Detectives Jimmy “Popeye” Doyle (Best Actor Hackman) and Buddy “Cloudy” Russo (Supporting Actor nominee Roy Scheider) make their living by shaking down nobodies, usually black men, for cheap collars.  But every once in awhile, Doyle has a hunch, and beginning with a ho-hum trip into a bar, he and his partner start tailing Sal Boca (Tony Lo Bianco) figuring he’s up to something.  Sal’s connection is the French Alain Charnier (Fernando Rey), who is planning to smuggle drugs into the U.S. with the help of actor Henri Devereaux (Frederic de Pasquale).

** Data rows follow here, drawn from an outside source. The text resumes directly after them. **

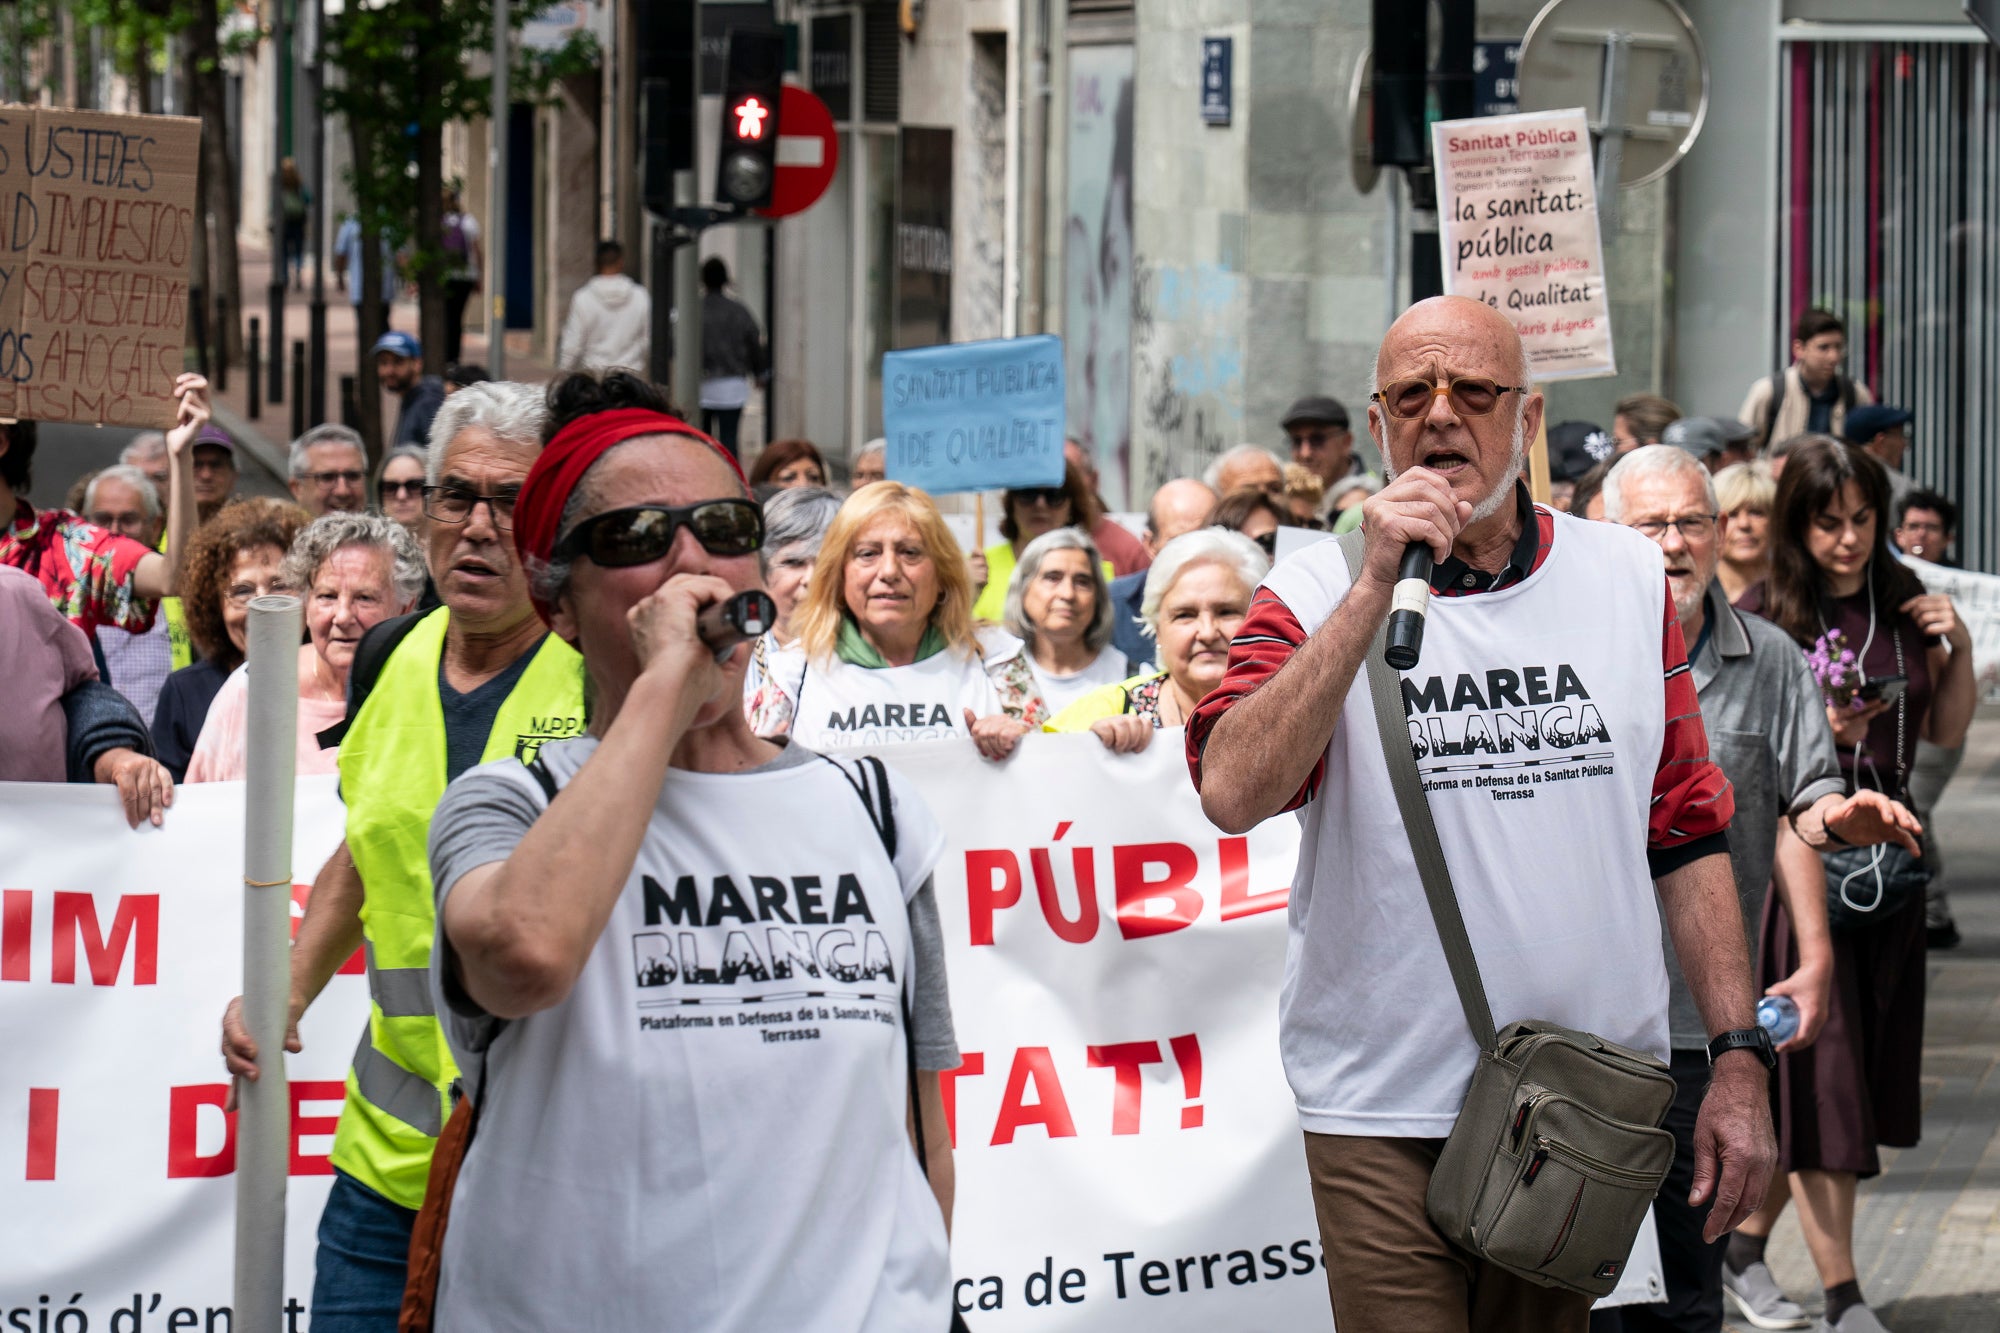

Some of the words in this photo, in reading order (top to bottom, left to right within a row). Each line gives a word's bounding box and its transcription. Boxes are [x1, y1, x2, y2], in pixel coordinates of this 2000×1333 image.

[25, 125, 156, 192] USTEDES
[1449, 136, 1511, 152] Sanitat
[1517, 129, 1577, 146] Pública
[1455, 197, 1476, 222] la
[1487, 188, 1583, 219] sanitat:
[40, 190, 192, 267] IMPUESTOS
[1457, 225, 1553, 271] pública
[1543, 258, 1589, 277] pública
[1507, 283, 1592, 312] Qualitat
[1552, 316, 1596, 337] dignes
[893, 368, 968, 409] SANITAT
[975, 360, 1059, 398] PUBLICA
[946, 417, 1056, 465] QUALITAT
[1401, 664, 1592, 715] MAREA
[827, 703, 953, 732] MAREA
[1406, 703, 1613, 761] BLANCA
[1421, 778, 1459, 792] aforma
[1462, 776, 1473, 788] en
[1475, 772, 1514, 788] Defensa
[1517, 773, 1530, 785] de
[1532, 772, 1542, 783] la
[1544, 769, 1580, 782] Sanitat
[1581, 764, 1614, 777] Pública
[1491, 788, 1535, 801] Terrassa
[642, 872, 876, 927] MAREA
[632, 927, 897, 988] BLANCA
[640, 1015, 714, 1031] Plataforma
[718, 1015, 734, 1026] en
[738, 1009, 793, 1025] Defensa
[797, 1007, 814, 1021] de
[818, 1006, 829, 1020] la
[760, 1028, 821, 1043] Terrassa
[0, 1292, 89, 1333] sió
[1024, 1256, 1087, 1307] de

Doyle and Russo get some begrudging help from colleagues, who feel like these guys are never right.  When they don’t figure out anything substantial over time, everyone’s patience starts to wane.  This is where the dramatic irony kicks in very well for the film and for its ending.  We know that Doyle is right, but we also know he’s snakebit when it comes to success.

Add a smart villain to the mix in Charnier, played with panache by Rey, and you have an exciting movie with intrigue and yes, that famous car chase.  The chase is filmed at street level, at high speed, and even today where chase scenes are shot with an overdose of speed and editing, The French Connection’s is still near or at the top.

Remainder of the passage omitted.